═════ Data provided
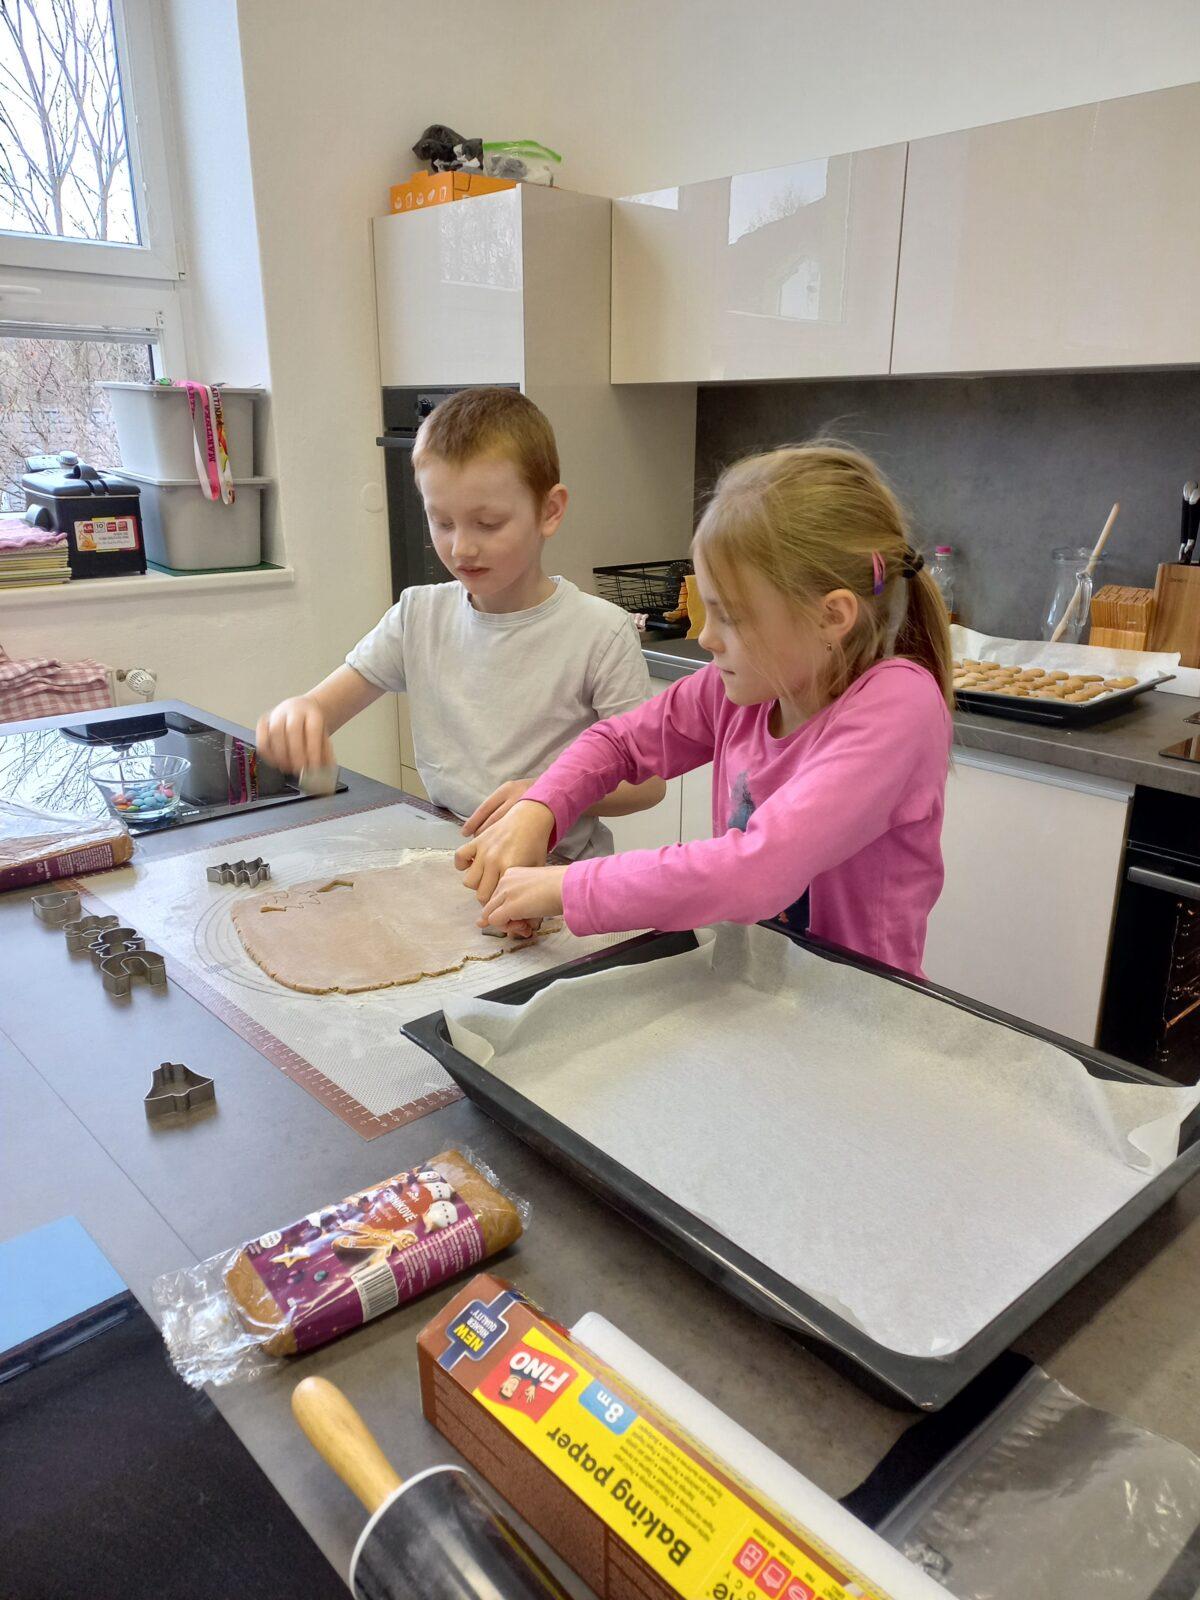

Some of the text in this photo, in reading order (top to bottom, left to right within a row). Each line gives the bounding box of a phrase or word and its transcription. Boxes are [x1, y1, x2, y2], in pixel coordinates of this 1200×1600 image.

[205, 405, 216, 462] MARTINKA
[453, 1323, 485, 1352] NEW
[466, 1318, 490, 1340] HIGHER
[509, 1351, 570, 1393] FINO
[546, 1427, 615, 1487] paper
[610, 1478, 692, 1567] Baking
══════════
## Exercise prompt
With images excluded, write the records above out again exactly.

## Exercise answer
Some of the text in this photo, in reading order (top to bottom, left to right within a row). Each line gives the bounding box of a phrase or word and its transcription. Boxes are [x1, y1, x2, y2], in pixel coordinates of this 1200×1600 image.

[205, 405, 216, 462] MARTINKA
[453, 1323, 485, 1352] NEW
[466, 1318, 490, 1340] HIGHER
[509, 1351, 570, 1393] FINO
[546, 1427, 615, 1487] paper
[610, 1478, 692, 1567] Baking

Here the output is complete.